Tom,
>I think one of the issues here is not disciplinarity vs
>interdisciplinarity or the permutations. Rather, I believe that those in
>liberal studies, the humanities, have failed to make a case, even to
>themselves, for the importance of these disciplines other than providing
>a softening of the harsh exteriors of the strucutures built by the more
>technologically driven bodies of knowledge.
I think this hits the mark.
And perhaps because of that failure calls for interdisciplinearity sound
like you're going to mix irrelevant--and, to many, boring--disciplines
together and come up a tasty intellectual dish. To mix a few metaphors.
Here's a little bit of Alfred North Whitehead, from SCIENCE AND THE MODERN
WORLD, circa 1925.
"There is no easy single solution of the practical difficulties of
education. We can, however, guide ourselves by a certain simplicity in its
general theory. The student should concentrate within a limited field."
Note well, Tom. Over and over again Whitehead made this point: don't teach
too much, teach what you teach well and deeply, education needs depth as
well as breadth...
"Such concentration should include all practical and intellectual
acquirements requisite for that concentration."

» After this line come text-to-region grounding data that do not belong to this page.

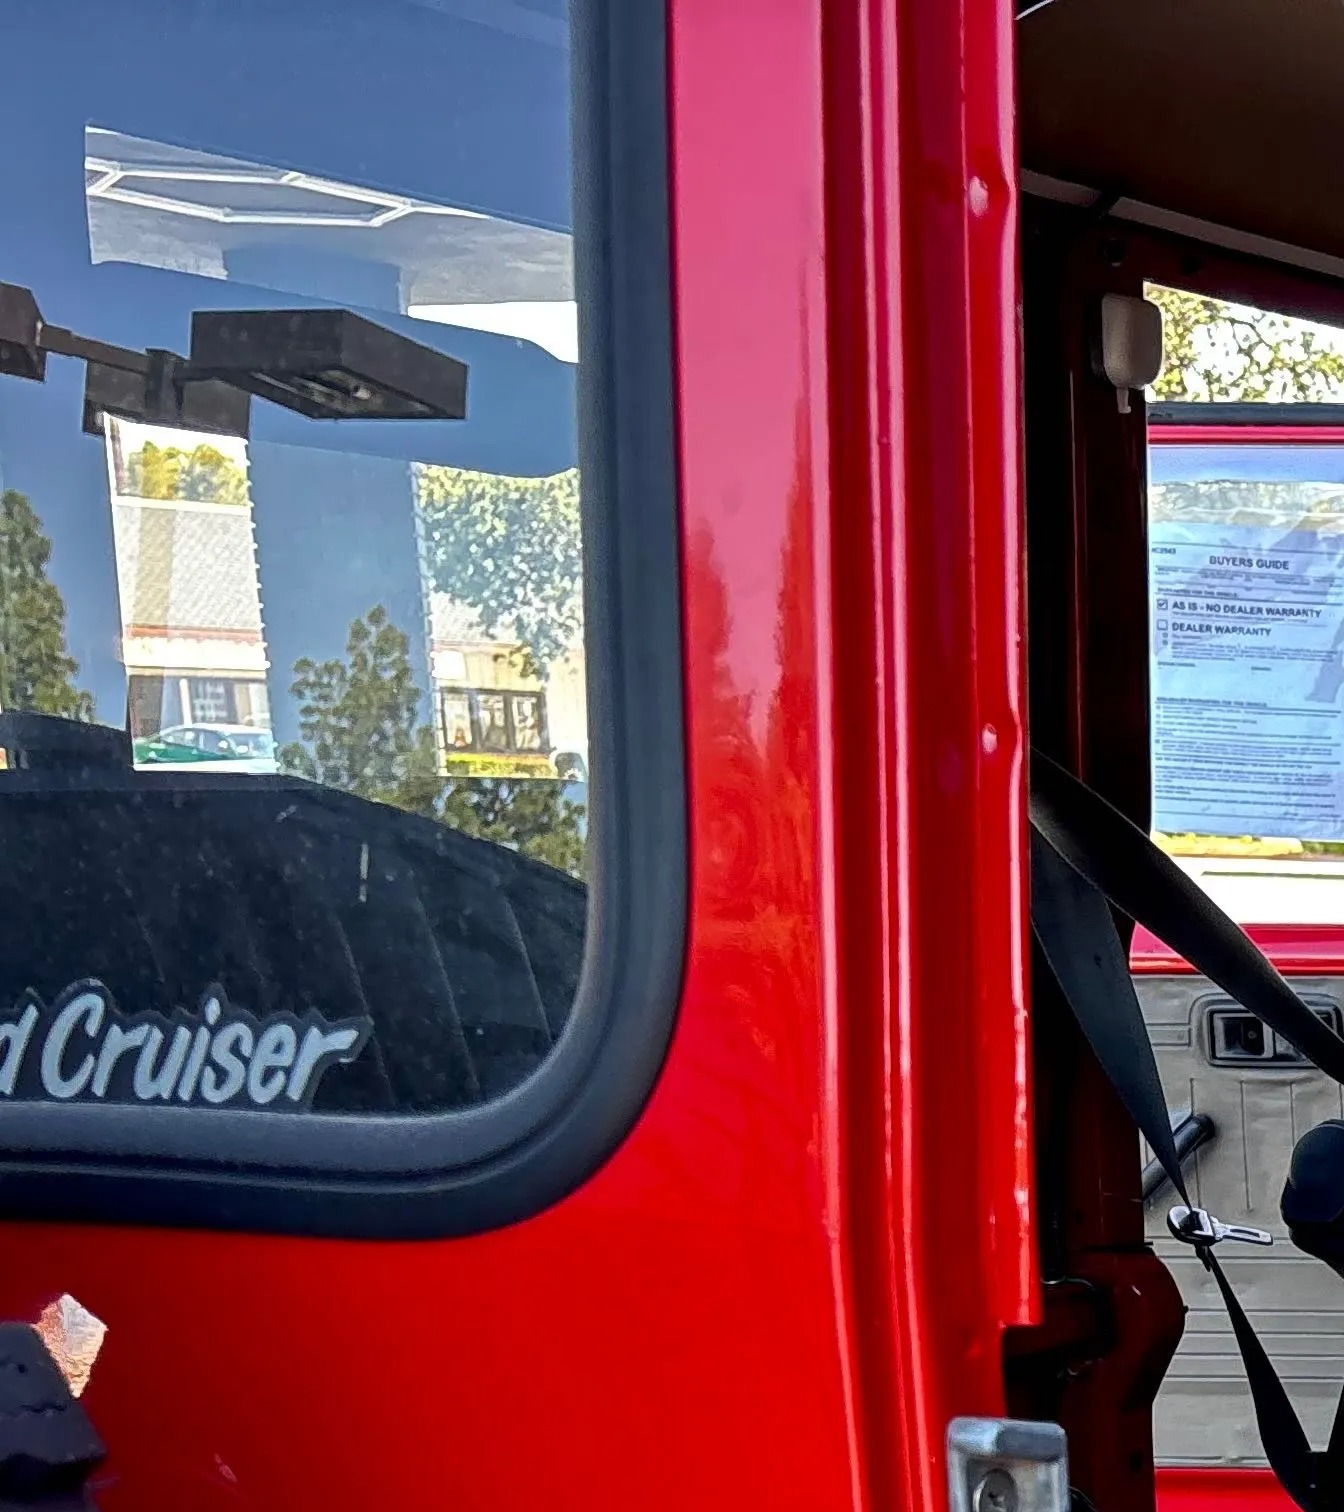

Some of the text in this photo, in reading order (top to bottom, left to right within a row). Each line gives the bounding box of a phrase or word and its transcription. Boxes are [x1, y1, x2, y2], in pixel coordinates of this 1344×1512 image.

[1209, 555, 1290, 570] BUYERS GUIDE
[1172, 600, 1186, 610] AS
[1188, 601, 1198, 611] IS
[1206, 603, 1221, 613] NO
[1223, 604, 1263, 616] DEALER
[1266, 606, 1322, 618] WARRANTY
[1172, 622, 1272, 637] DEALER WARRANTY
[41, 993, 359, 1104] Cruiser
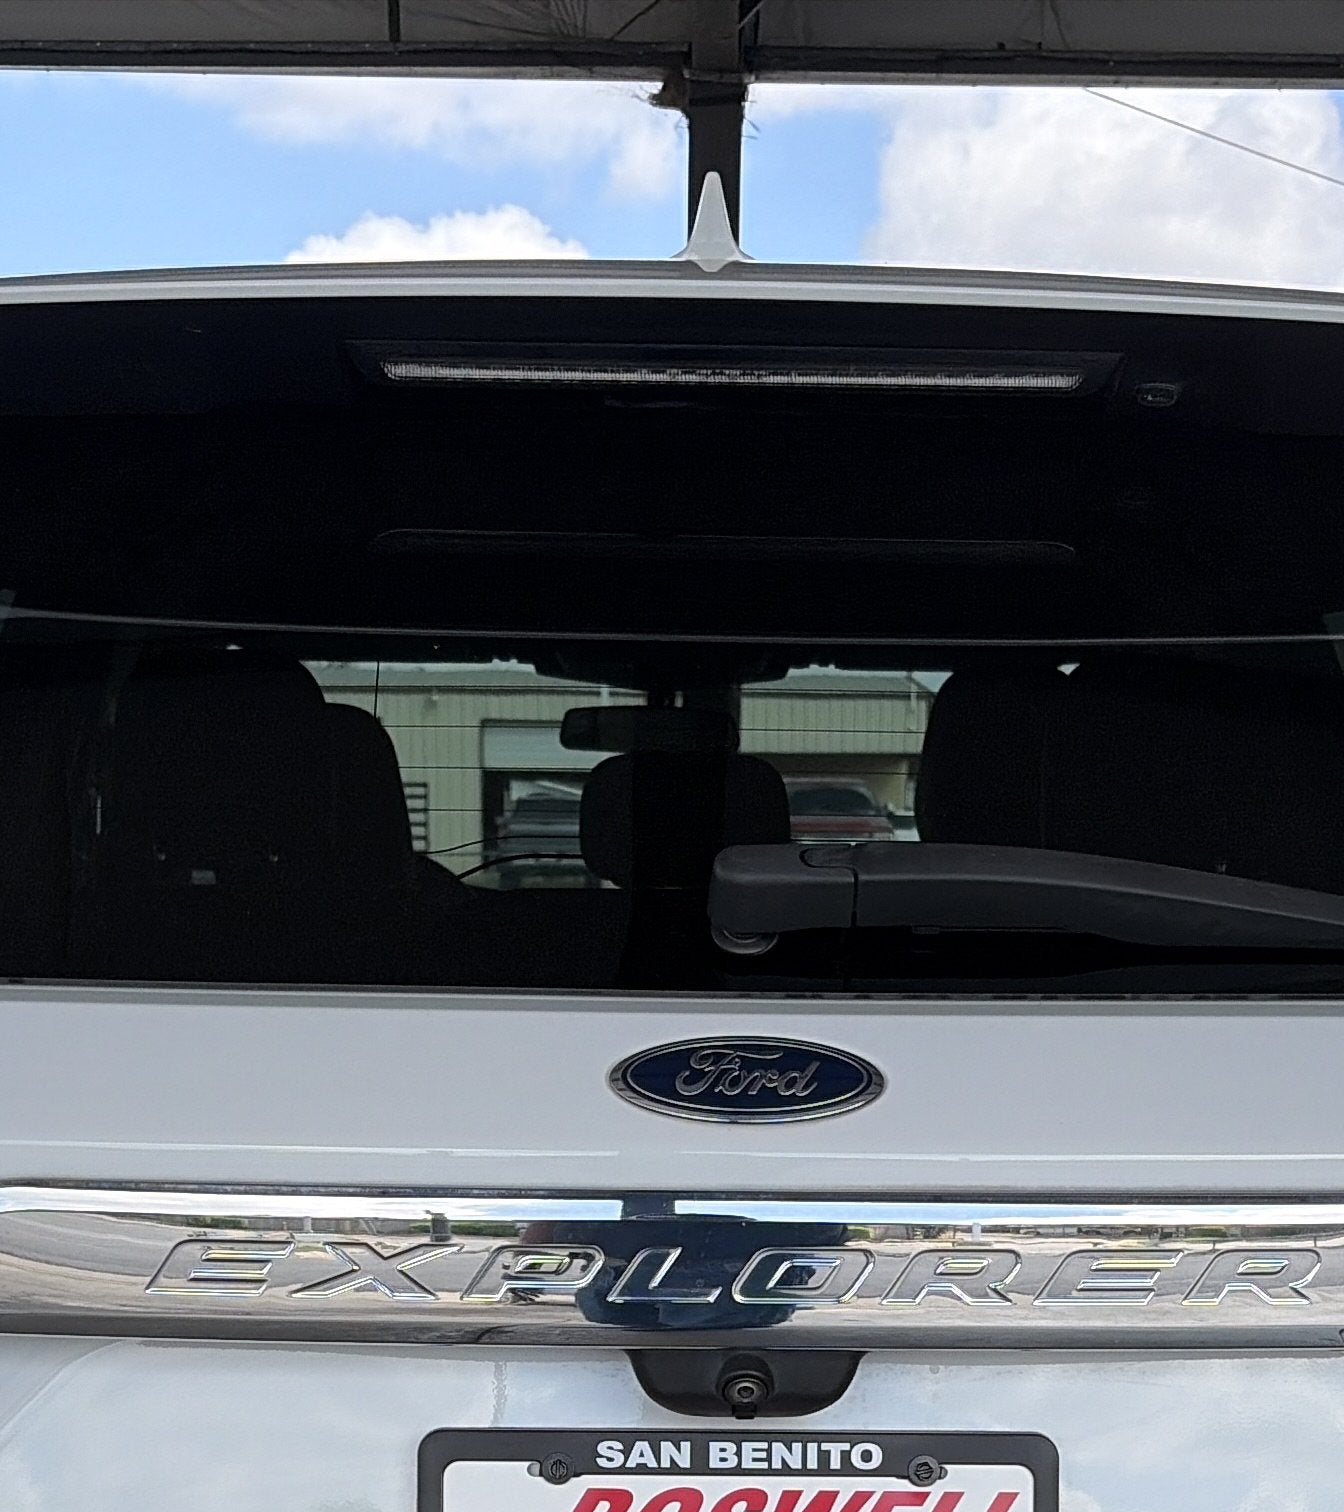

Perhaps this is a crucial pedagogic concept: you don't mix disciplines
aimlessly, but include in your "concentration" all the practical and
intellectual requirement: Dewey's "interfusion." Want to be a nurse: you
need to know anatomy and physiology as well as bed making and giving
injections, and you need to study the psychology of the patient, and the
sociology of the family as it impinges on aftercare...the concentration
lending relevance and meaning to the rest of the curriculum.
Whiehead also wanted to inclulcate in students "the habit of art."
He said: "When you understand all about the sun and all about the
atmosphere and all about the rotation of the earth, you may still miss the
radiance of the sunset...But...art concerns more than sunsets. A factory,
with its machinery, its community of operatives, its social service to the
general population, its dependence upon organizing and designing genius,
its potentialities as a source of wealth to the holders of its stock is an
organism exhibiting a variety of vividwalues. What we want to train is the
habit of apprehending such an organization in its completeness."